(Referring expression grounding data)

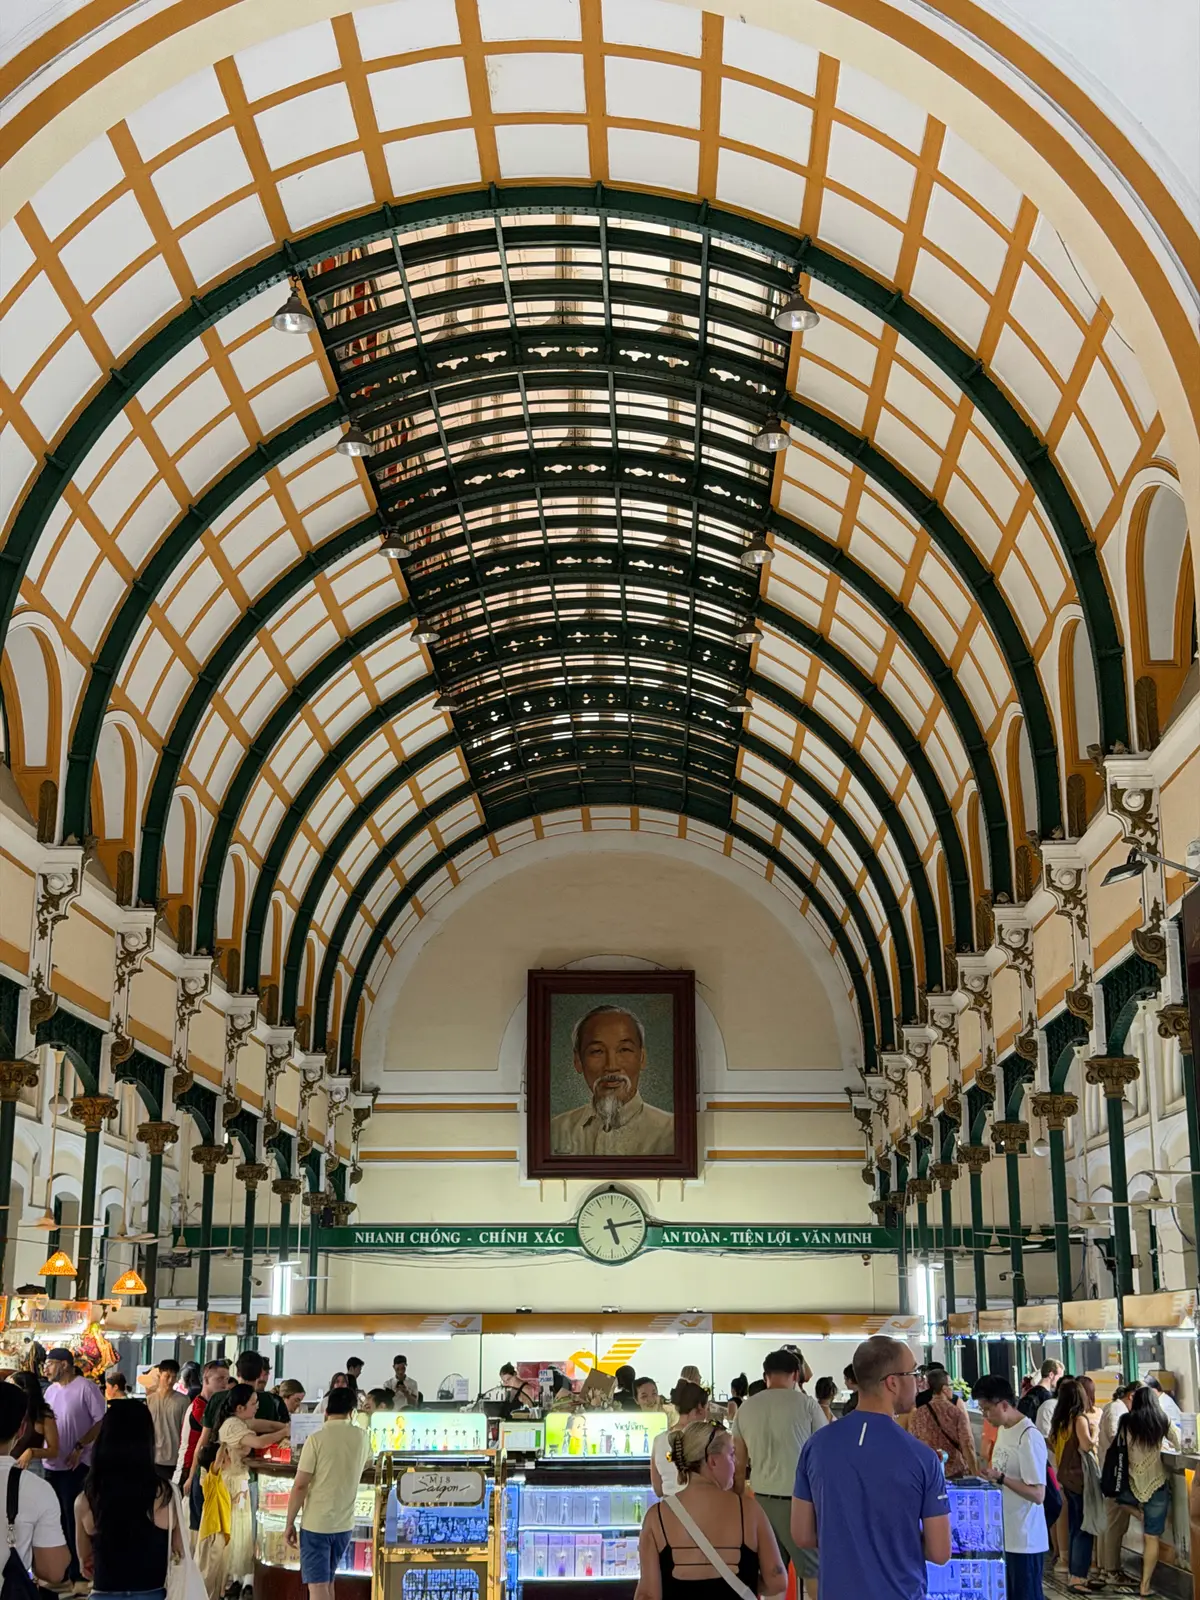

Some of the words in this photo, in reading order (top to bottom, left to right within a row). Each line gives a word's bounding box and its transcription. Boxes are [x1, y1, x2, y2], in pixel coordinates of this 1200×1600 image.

[355, 1231, 405, 1244] NHANH
[409, 1228, 461, 1244] CHÓNG
[478, 1228, 528, 1244] CHÍNH
[533, 1228, 565, 1244] XÁC
[661, 1231, 680, 1244] AN
[682, 1228, 721, 1244] TOÀN
[730, 1228, 764, 1246] TIỆN
[767, 1230, 791, 1247] LỢI
[801, 1229, 831, 1244] VĂN
[834, 1231, 872, 1244] MINH
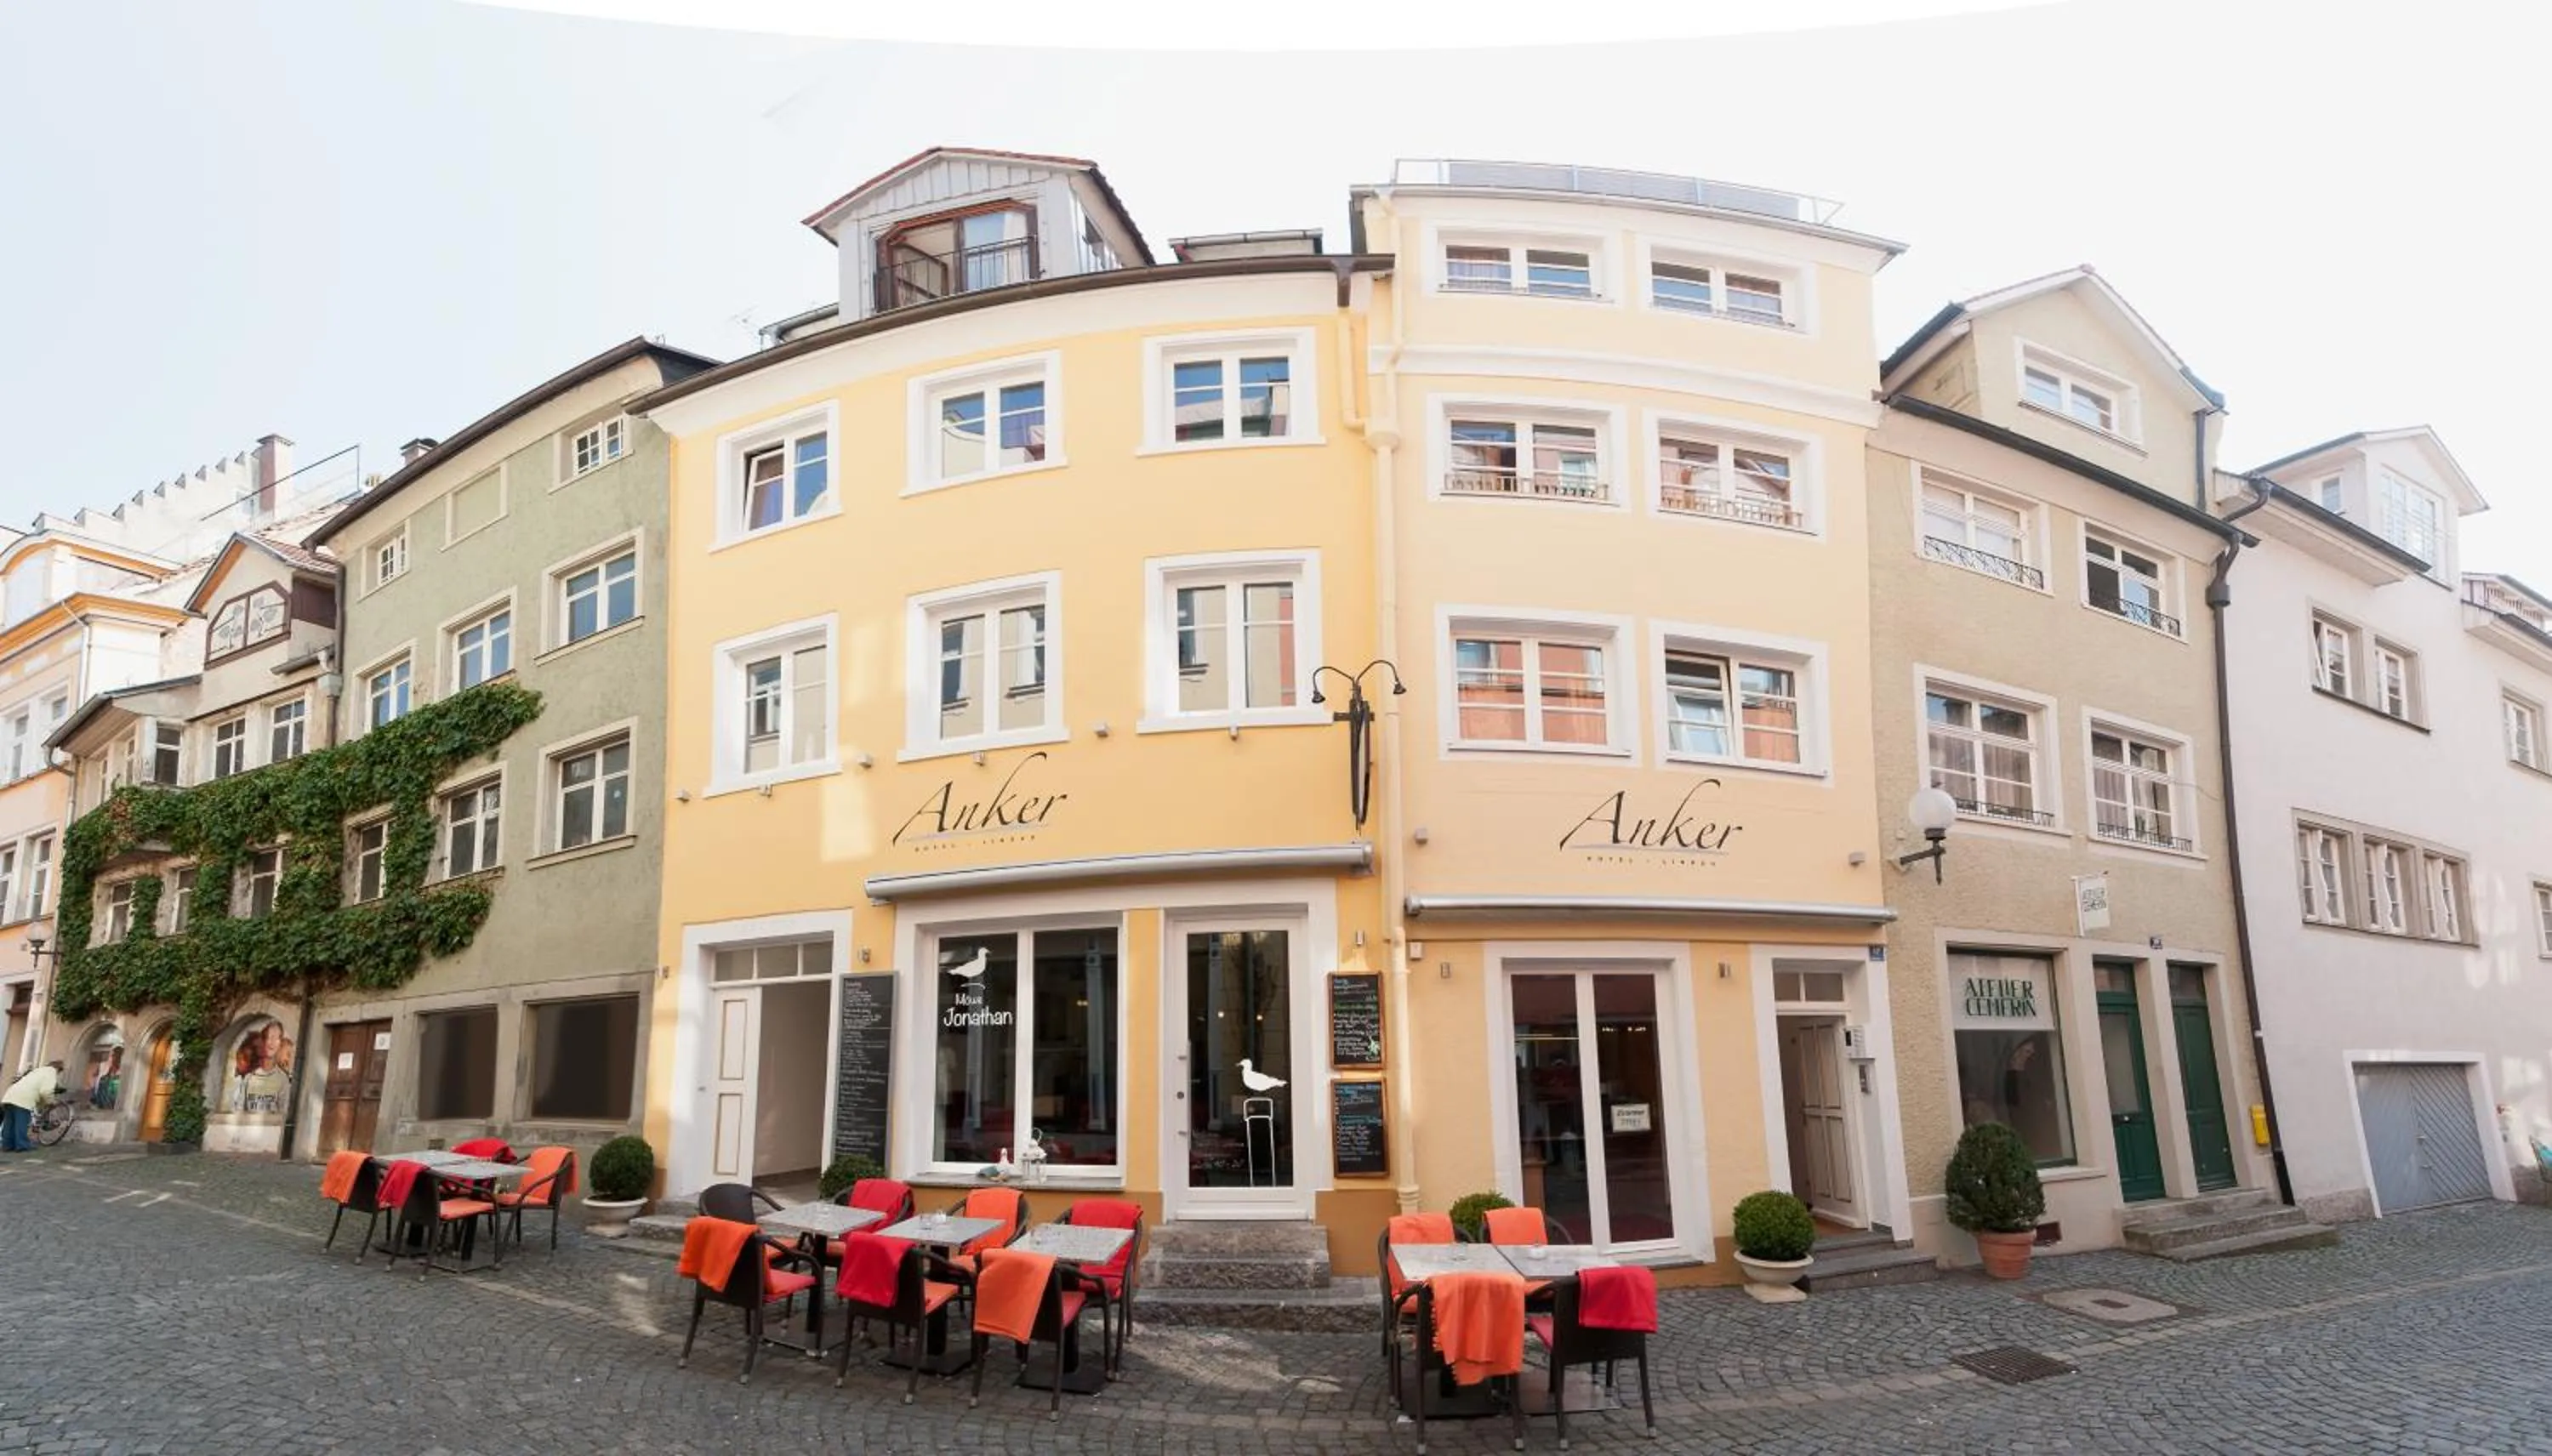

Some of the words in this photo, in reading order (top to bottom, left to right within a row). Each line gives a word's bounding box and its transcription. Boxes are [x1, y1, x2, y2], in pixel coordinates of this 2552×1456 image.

- Exercise requirements
Transcribe each entry exactly, pictures excluded.

- Answer area
Some of the words in this photo, in reading order (top to bottom, left to right within a row). Each line gives a word's bounding box and its transcription. Boxes are [x1, y1, x2, y2], in pixel coordinates of this 1200×1600 image.

[355, 1231, 405, 1244] NHANH
[409, 1228, 461, 1244] CHÓNG
[478, 1228, 528, 1244] CHÍNH
[533, 1228, 565, 1244] XÁC
[661, 1231, 680, 1244] AN
[682, 1228, 721, 1244] TOÀN
[730, 1228, 764, 1246] TIỆN
[767, 1230, 791, 1247] LỢI
[801, 1229, 831, 1244] VĂN
[834, 1231, 872, 1244] MINH

Some of the words in this photo, in reading order (top to bottom, left to right within a row). Each line gives a word's bounding box and its transcription. Boxes are [x1, y1, x2, y2], in pixel coordinates of this 2552×1456 image.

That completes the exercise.